O 6 a 2 diante do Panamá no amistoso no Rio de Janeiro, de despedida da seleção brasileira da torcida que permanecerá em solo nacional durante a Copa do Mundo, foi muito bem-vindo para Carlo Ancelotti.
Já pensou se o Brasil não consegue ganhar no Maracanã, e bem, de uma seleção que, apesar de ter se classificado para o Mundial, está muito atrás no ranking da Fifa (33º lugar, enquanto a seleção brasileira está em 6º) e é apenas a quarta força de sua região, atrás de México, EUA e Canadá?
Haveria um vendaval de críticas, que o placar largo tratou de transformar em uma brisa. Pois mesmo em um 6 a 2 há alguns pontos de preocupação a serem abordados. Não é pessimismo, querer achar defeitos em uma atuação de forma geral adequada. É realismo.
O Panamá está bem longe de ser uma Espanha, uma Argentina, uma França, uma Alemanha, porém deu trabalho acima do esperado no primeiro tempo, quando o Brasil jogou com o melhor que tinha e, do meio para a frente, com o provável time titular na estreia na Copa, no dia 13 (sábado), diante de Marrocos, nos EUA.
Depois do gol relâmpago feito por Vinicius Junior, aos 59 segundos, a seleção não conseguiu se impor no Maracanã com mais de 70 mil torcedores incentivando contra um Panamá que não tem um único jogador atuando nas maiores ligas europeias. Como todo o respeito a eles, são zé-ninguéns nos andares de cima do ludopédio.
Deve-se mesmo respeitá-los, pois endureceram o amistoso. Empataram em cobrança de falta em que contaram com a sorte –o desvio em Matheus Cunha enganou Alisson– e atuaram de igual para igual, com alguém da equipe de narração da Globo (Everaldo Marques, Maestro Júnior ou Denílson Show) soltando um “vou falar baixo, mas o Panamá está melhor”.
Perto do fim da etapa, o Brasil achou um gol: Casemiro, de cabeça. Na hora certa para evitar prováveis vaias na ida para o intervalo do sempre exigente torcedor brasileiro, que, com razão, quer ver o time jogando bem, ou, se não der, pelo menos ganhando. Foi o caso.
No segundo tempo, time quase inteiro mexido –só ficou o zagueiro Léo Pereira, já que Marquinhos e Gabriel Magalhães não tiveram tempo de se apresentar devido à presença na final da Champions League, na véspera–, viu-se um outro Brasil. Melhorado.
O moleque Rayan, 19, que entrou pela direita no lugar de um apagado Luiz Henrique, fez um lindo gol, em finalização sem ângulo, de alto nível de dificuldade, de bobeira panamenha na saída de bola pela esquerda da defesa.

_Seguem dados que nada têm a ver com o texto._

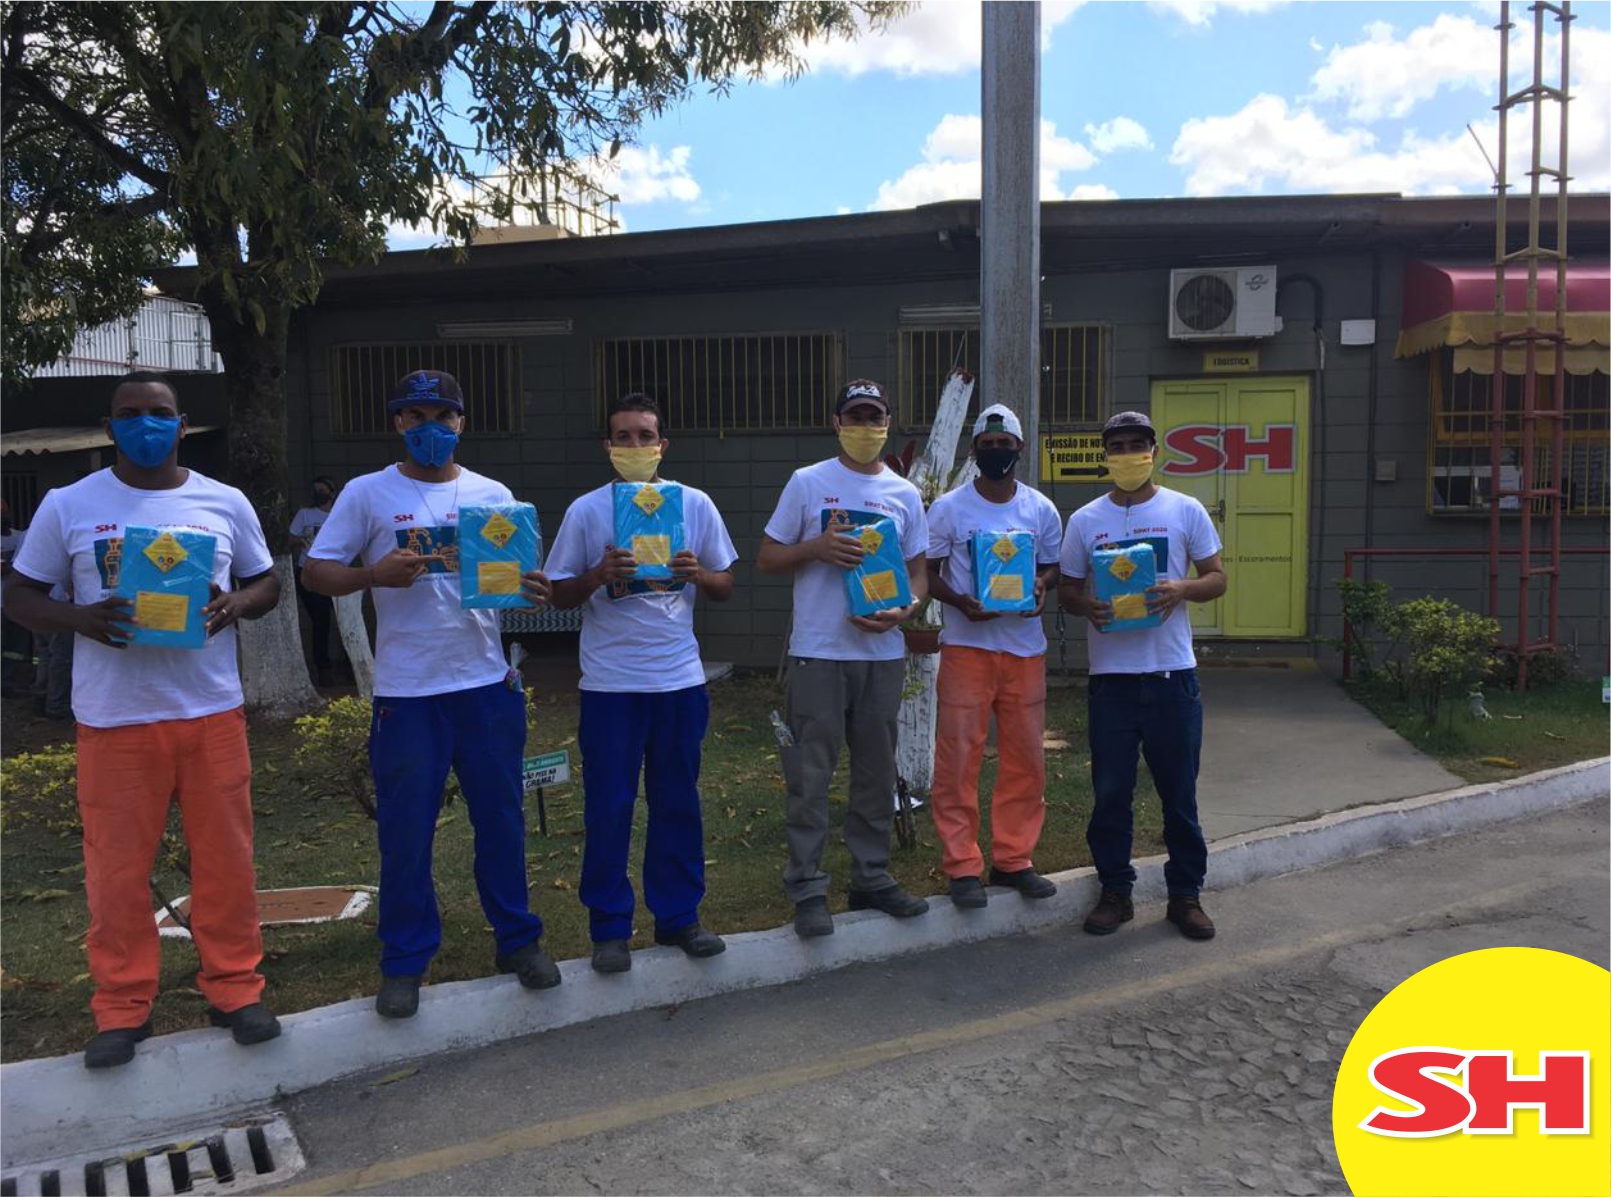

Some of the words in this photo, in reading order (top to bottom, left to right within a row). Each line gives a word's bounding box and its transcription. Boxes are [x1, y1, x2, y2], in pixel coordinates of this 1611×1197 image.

Danilo Santos, substituto de Bruno Guimarães, outro a dever no primeiro tempo, também guardou o seu, a receber passe de Lucas Paquetá na área, dominar com estilo, girar o corpo e chutar no canto. Ele já tinha atuado muito bem e feito gol no amistoso anterior, diante da Croácia.
Ainda marcaram o próprio Paquetá e o centroavante Igor Thiago, de pênalti que foi sofrido por ele mesmo em jogada na qual meteu a bola entre as pernas de um defensor antes de ser derrubado pelo goleiro.
Quatro dos seis gols saíram no segundo tempo, com a equipe modificada. Contando ainda com outro moleque, Endrick, 19, os movimentos ofensivos fluíram com mais desenvoltura.
Uma discussão até o próximo amistoso, contra o Egito no sábado (6), em Cleveland, será sobre o desempenho abaixo do desejado no primeiro tempo, com titulares, e a ascensão no segundo, com suplentes. Danilo Santos, em particular, pede passagem para a titularidade.
Ancelotti ganhará dias de descanso do overdosado tema Neymar, e deve ficar satisfeito com isso. E ganhará um problema, o de ter de repensar o time. Menos mal que, devido a atuações destacadas de quem entrou, seja um problema bom.